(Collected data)

══════

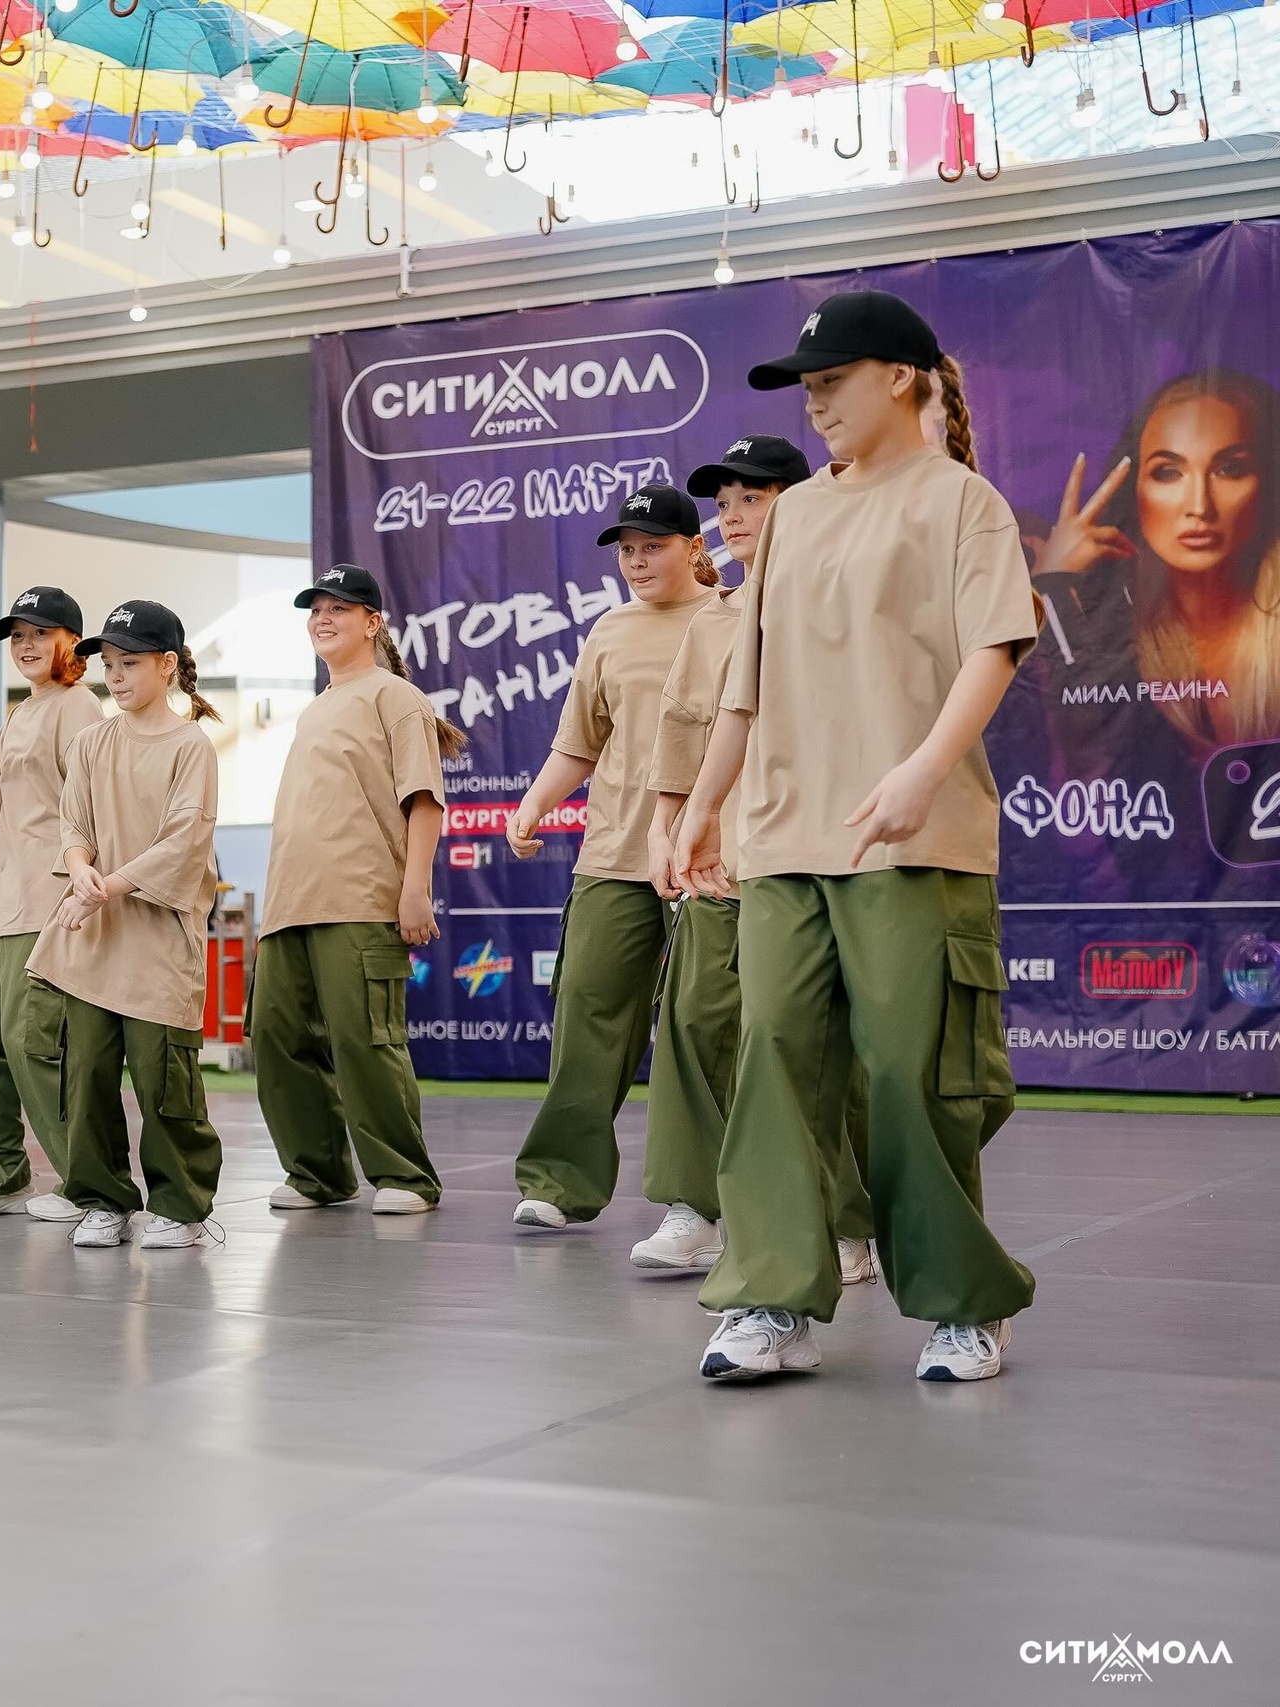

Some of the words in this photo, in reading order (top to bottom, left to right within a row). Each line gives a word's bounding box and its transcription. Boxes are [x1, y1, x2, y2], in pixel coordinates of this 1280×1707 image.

[484, 416, 544, 437] СУРГУТ
[373, 476, 517, 533] 21-22
[524, 456, 674, 519] МАРТА
[1061, 683, 1131, 705] МИЛА
[1136, 679, 1229, 702] РЕДИНА
[1002, 774, 1174, 841] ФОНД
[461, 1019, 509, 1041] ШОУ
[1003, 1026, 1127, 1050] ЕВАЛЬНОЕ
[1133, 1028, 1192, 1051] ШОУ
[1198, 1029, 1210, 1053] /
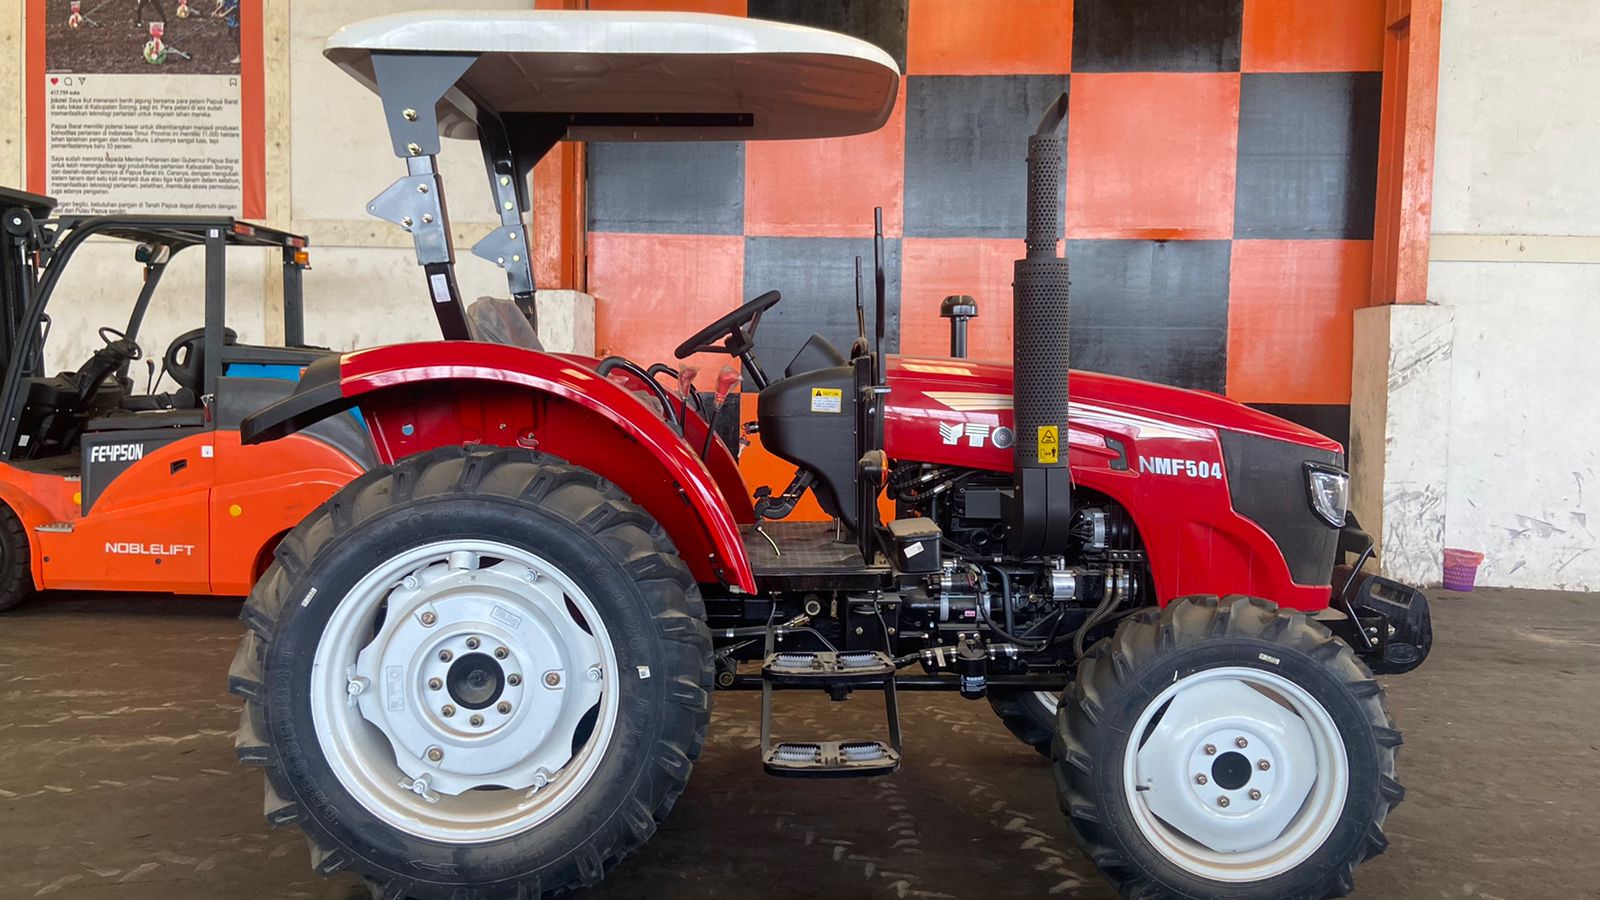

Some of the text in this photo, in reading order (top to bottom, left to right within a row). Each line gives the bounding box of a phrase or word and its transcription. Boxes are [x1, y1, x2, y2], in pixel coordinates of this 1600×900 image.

[939, 420, 1012, 449] YTO
[91, 444, 143, 462] FE4P50N
[1139, 455, 1222, 479] NMF504
[105, 542, 195, 556] NOBLELIFT
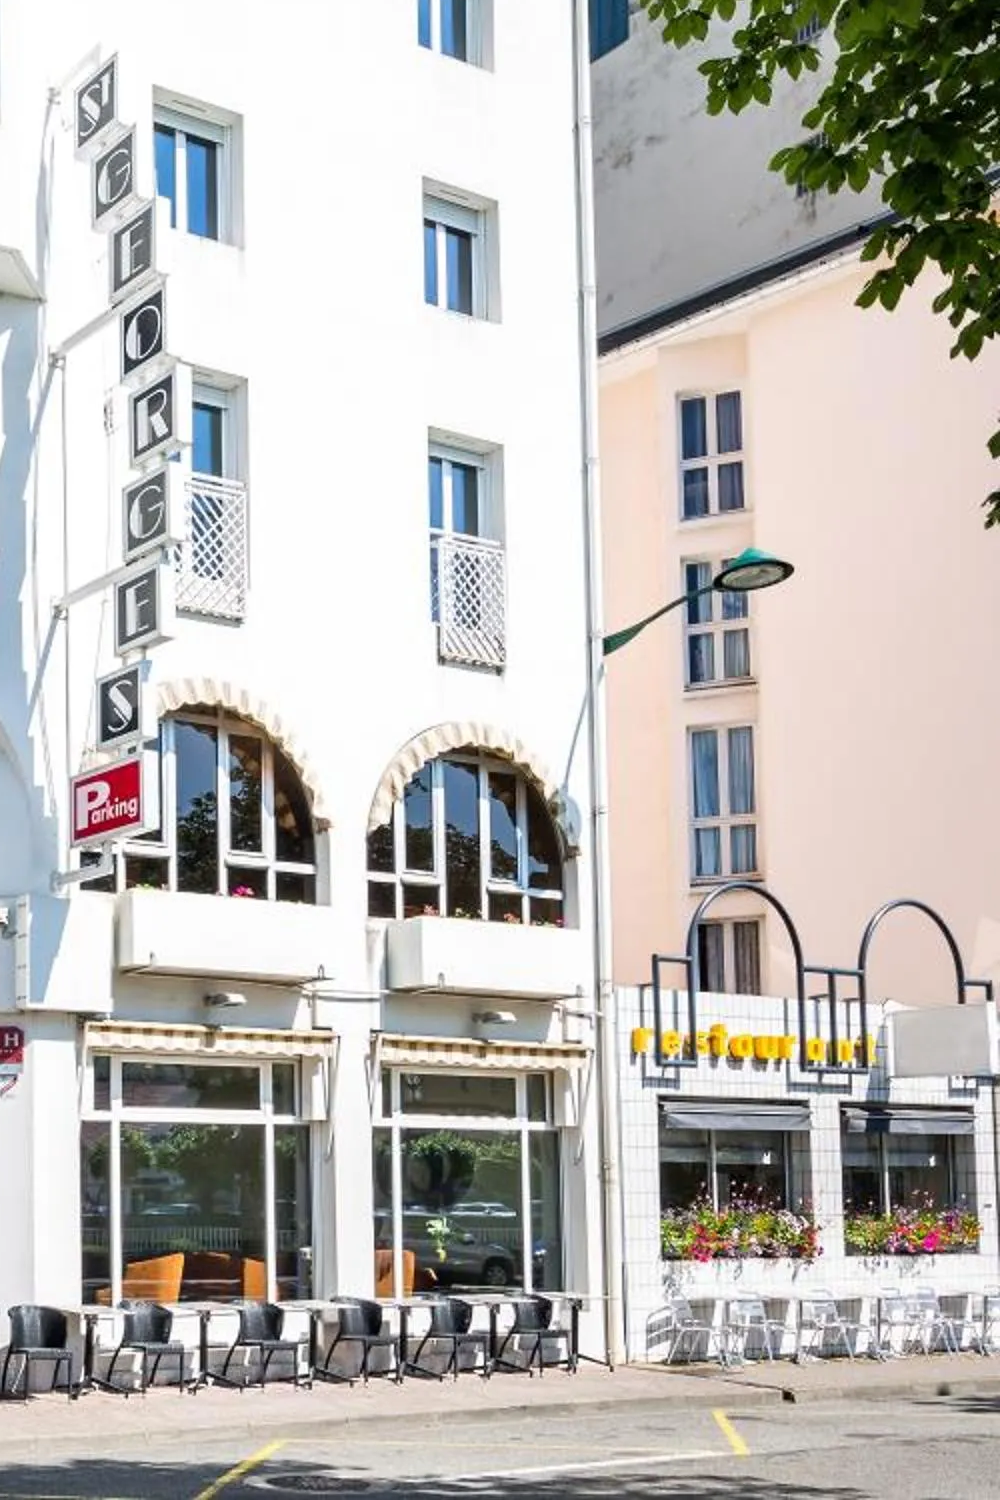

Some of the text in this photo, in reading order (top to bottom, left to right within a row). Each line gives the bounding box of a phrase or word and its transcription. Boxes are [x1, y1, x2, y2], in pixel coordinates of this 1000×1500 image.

[98, 148, 168, 733] GEORGES
[76, 780, 138, 831] Parking
[4, 1033, 19, 1047] H
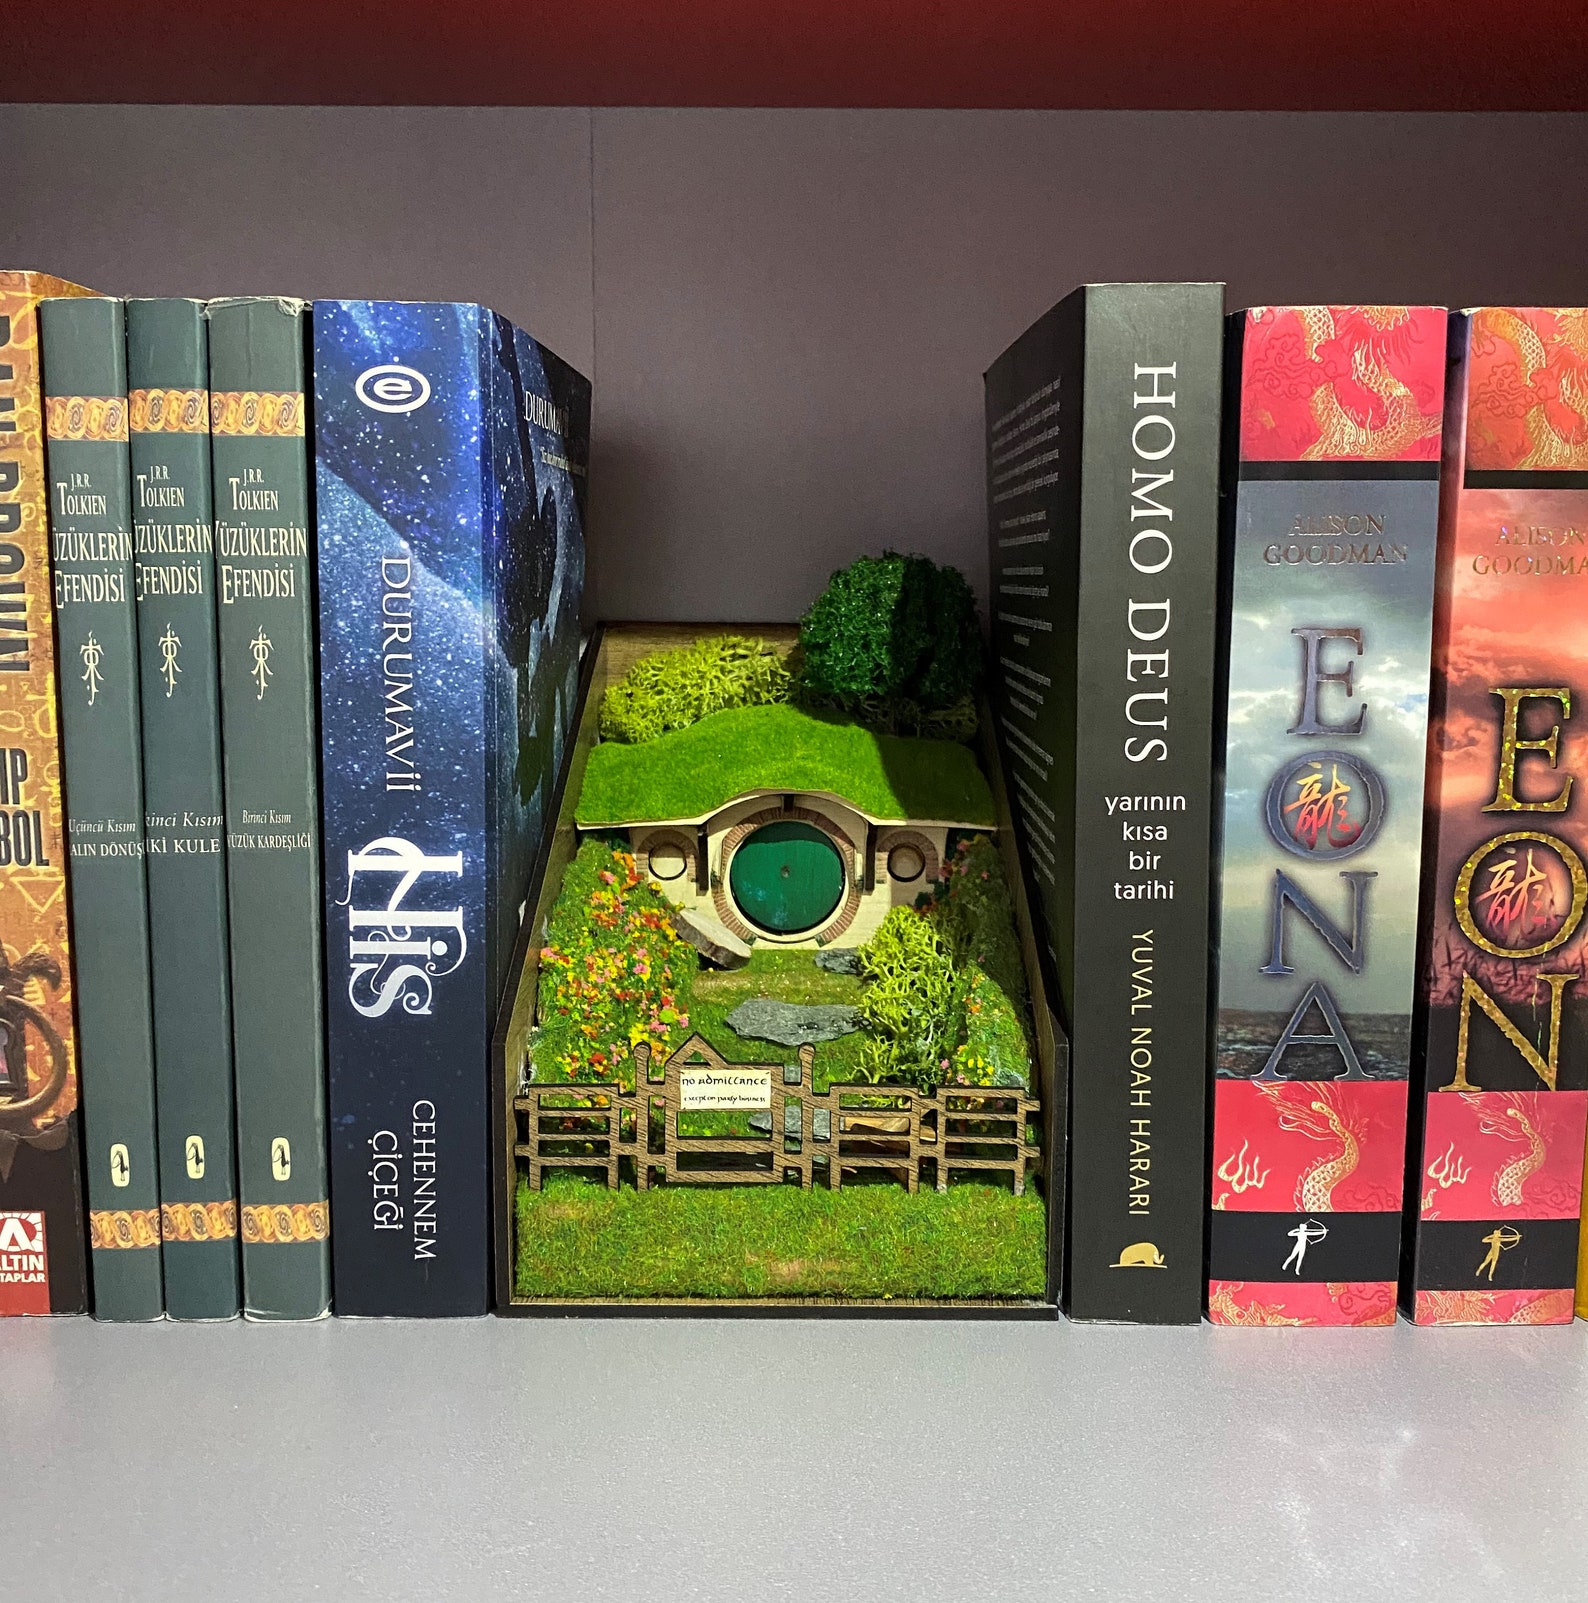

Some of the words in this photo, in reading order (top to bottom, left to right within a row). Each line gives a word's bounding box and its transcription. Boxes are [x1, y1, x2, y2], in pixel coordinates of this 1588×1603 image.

══════

- _EXERCISE BRIEF_
Every entry above should come back exactly as written, except for its pictures.

- _RESPONSE BELOW_
Some of the words in this photo, in reading order (top to bottom, left to right within a row). Each line gives a word's bounding box and its transcription. Boxes are [x1, y1, x2, y2], in pixel coordinates of this 1280×1707 image.

[484, 416, 544, 437] СУРГУТ
[373, 476, 517, 533] 21-22
[524, 456, 674, 519] МАРТА
[1061, 683, 1131, 705] МИЛА
[1136, 679, 1229, 702] РЕДИНА
[1002, 774, 1174, 841] ФОНД
[461, 1019, 509, 1041] ШОУ
[1003, 1026, 1127, 1050] ЕВАЛЬНОЕ
[1133, 1028, 1192, 1051] ШОУ
[1198, 1029, 1210, 1053] /

Some of the text in this photo, in reading order (top to bottom, left to right within a row). Each line gives the bounding box of a phrase or word and its transcription. Boxes are [x1, y1, x2, y2], in pixel coordinates of this 1600×900 image.

[939, 420, 1012, 449] YTO
[91, 444, 143, 462] FE4P50N
[1139, 455, 1222, 479] NMF504
[105, 542, 195, 556] NOBLELIFT

Some of the text in this photo, in reading order (top to bottom, left to right within a row). Each line gives the bounding box of a phrase or word and its transcription. Boxes are [x1, y1, x2, y2], in pixel coordinates of this 1000×1500 image.

[98, 148, 168, 733] GEORGES
[76, 780, 138, 831] Parking
[4, 1033, 19, 1047] H

Some of the words in this photo, in reading order (top to bottom, left to right within a row). Each line gives a word's bounding box and its transcription. Boxes are [x1, y1, x2, y2], in pixel coordinates of this 1588×1603 image.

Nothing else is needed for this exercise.